[Dataset items]
----------------

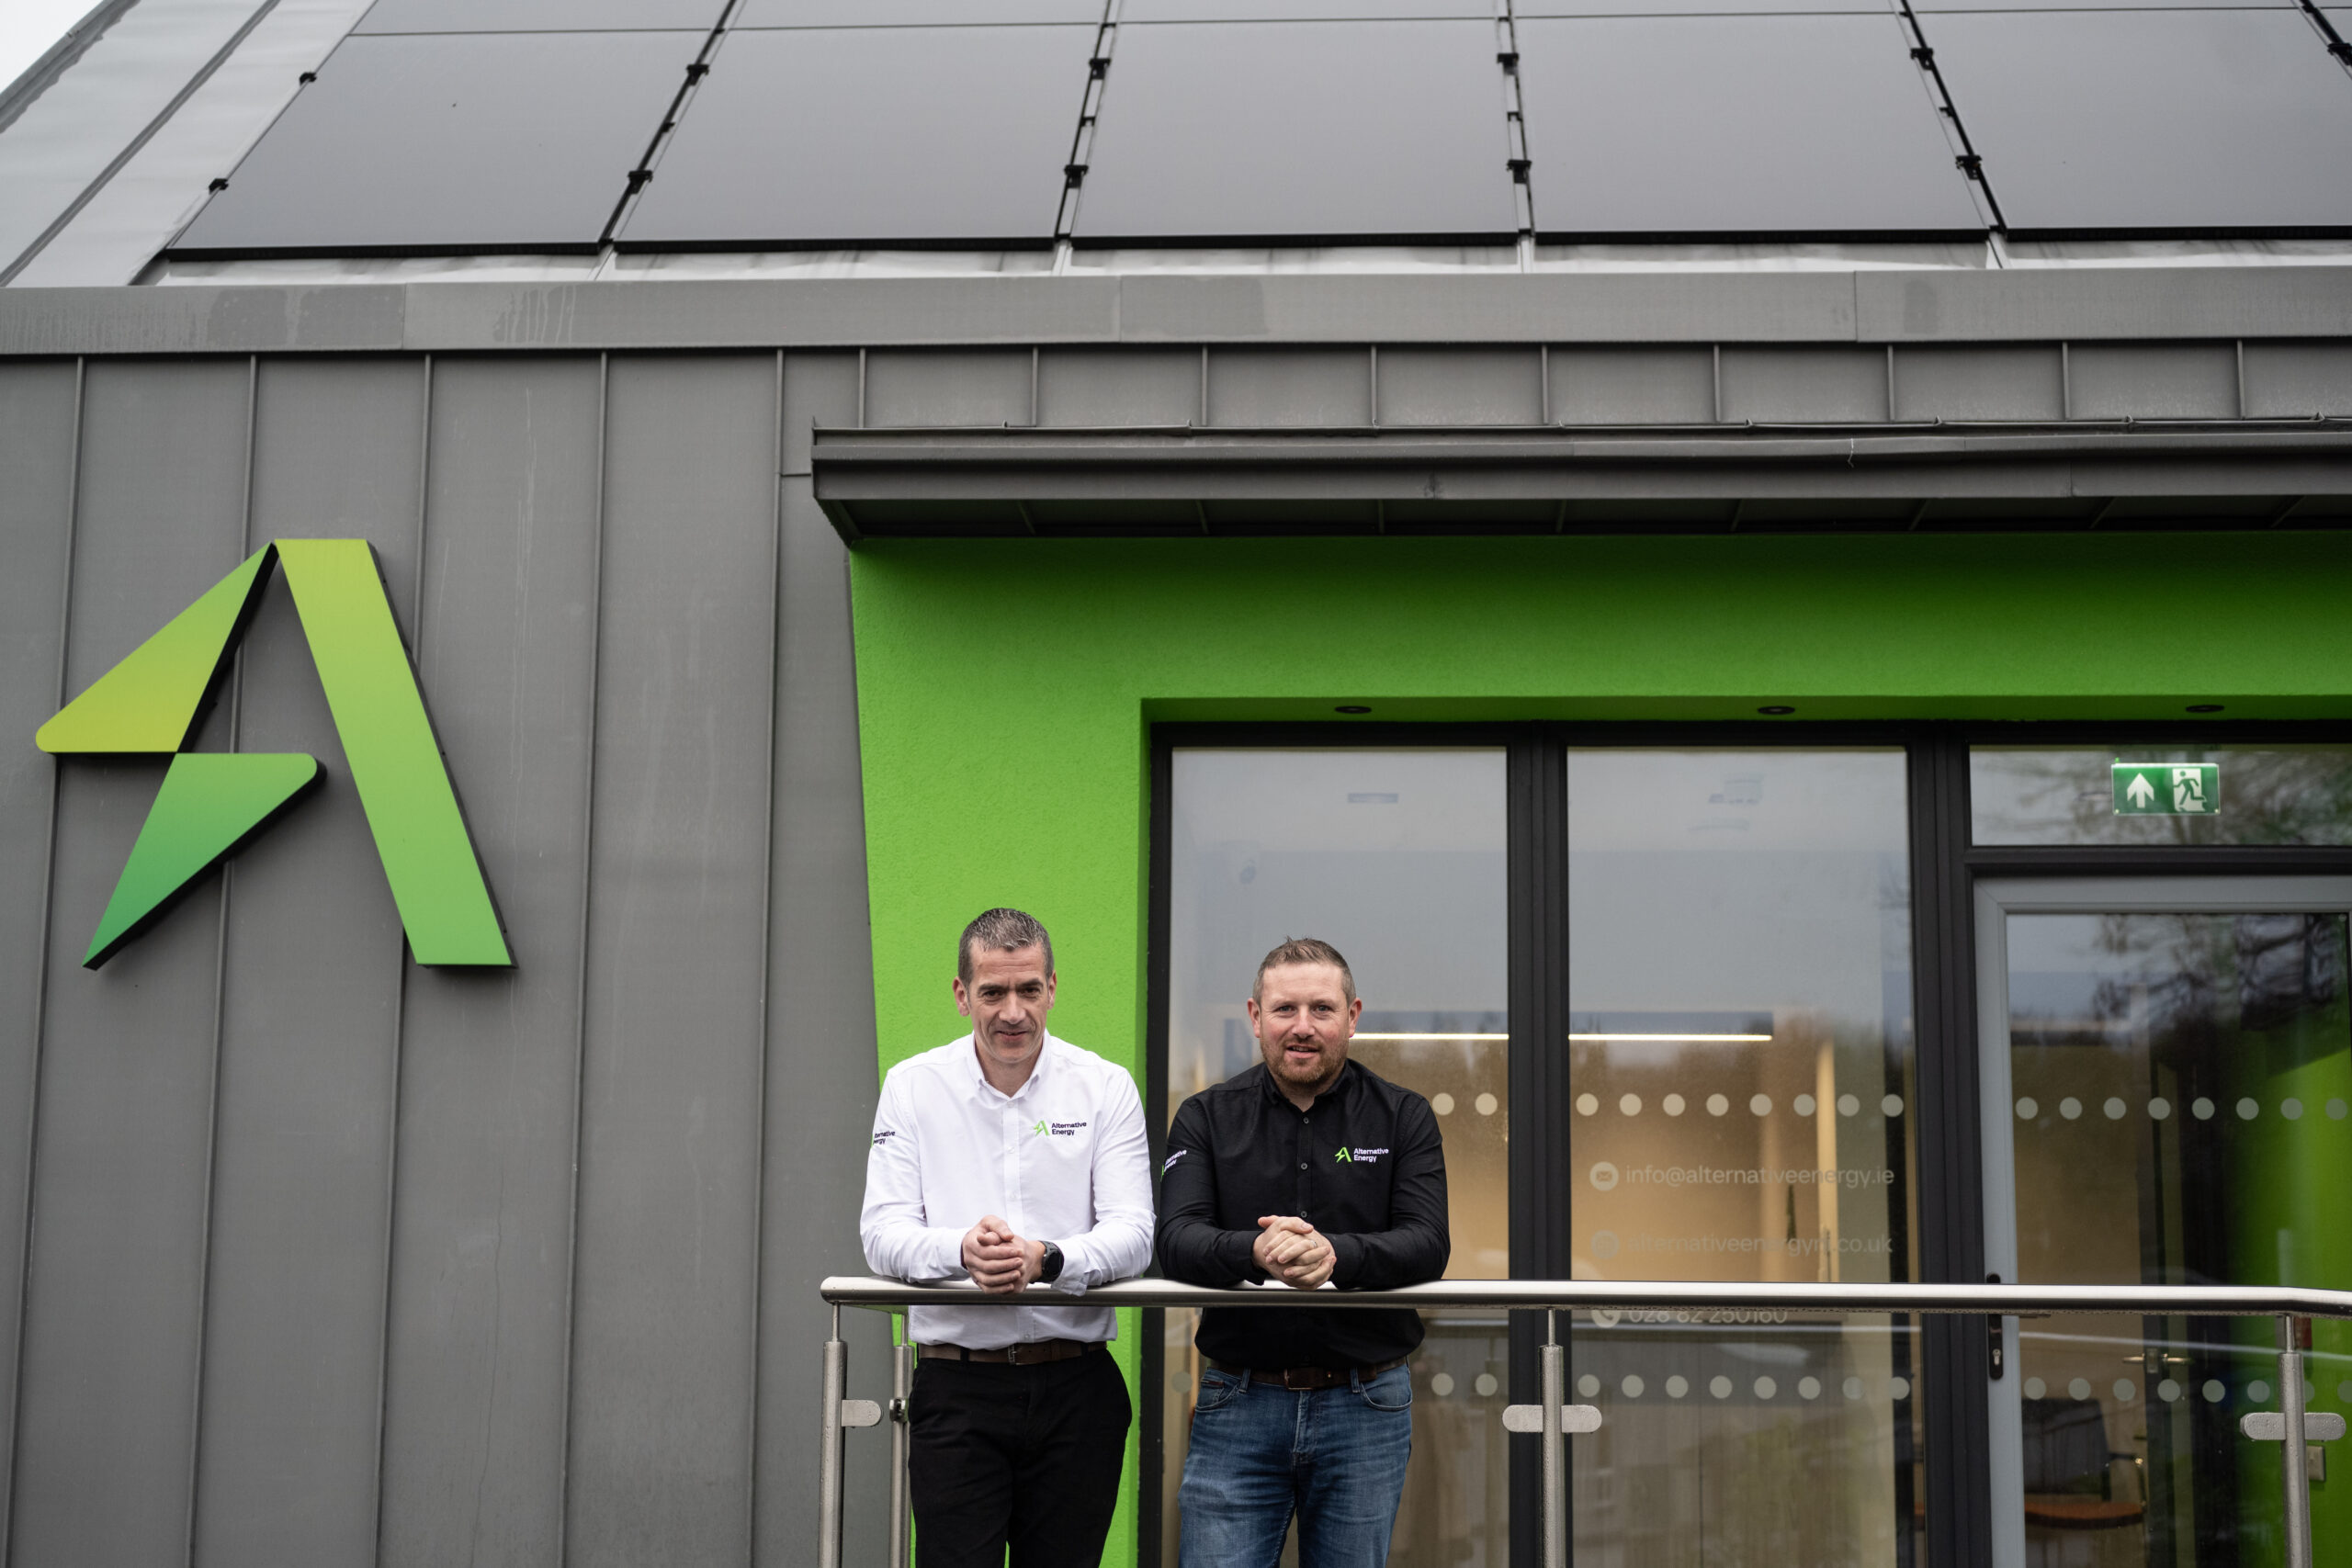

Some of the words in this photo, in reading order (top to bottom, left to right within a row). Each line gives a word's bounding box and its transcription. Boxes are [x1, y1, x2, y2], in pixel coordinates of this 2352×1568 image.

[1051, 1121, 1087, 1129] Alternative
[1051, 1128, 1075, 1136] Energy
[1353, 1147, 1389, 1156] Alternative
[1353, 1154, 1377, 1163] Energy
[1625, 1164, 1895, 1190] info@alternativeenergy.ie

----------------

**INSTRUCTIONS FOR THE TASK:** The copy you write must hold every record verbatim and none of the pictures.

**TASK SOLUTION:**
Some of the words in this photo, in reading order (top to bottom, left to right within a row). Each line gives a word's bounding box and its transcription. Boxes are [x1, y1, x2, y2], in pixel coordinates of this 2352×1568 image.

[1051, 1121, 1087, 1129] Alternative
[1051, 1128, 1075, 1136] Energy
[1353, 1147, 1389, 1156] Alternative
[1353, 1154, 1377, 1163] Energy
[1625, 1164, 1895, 1190] info@alternativeenergy.ie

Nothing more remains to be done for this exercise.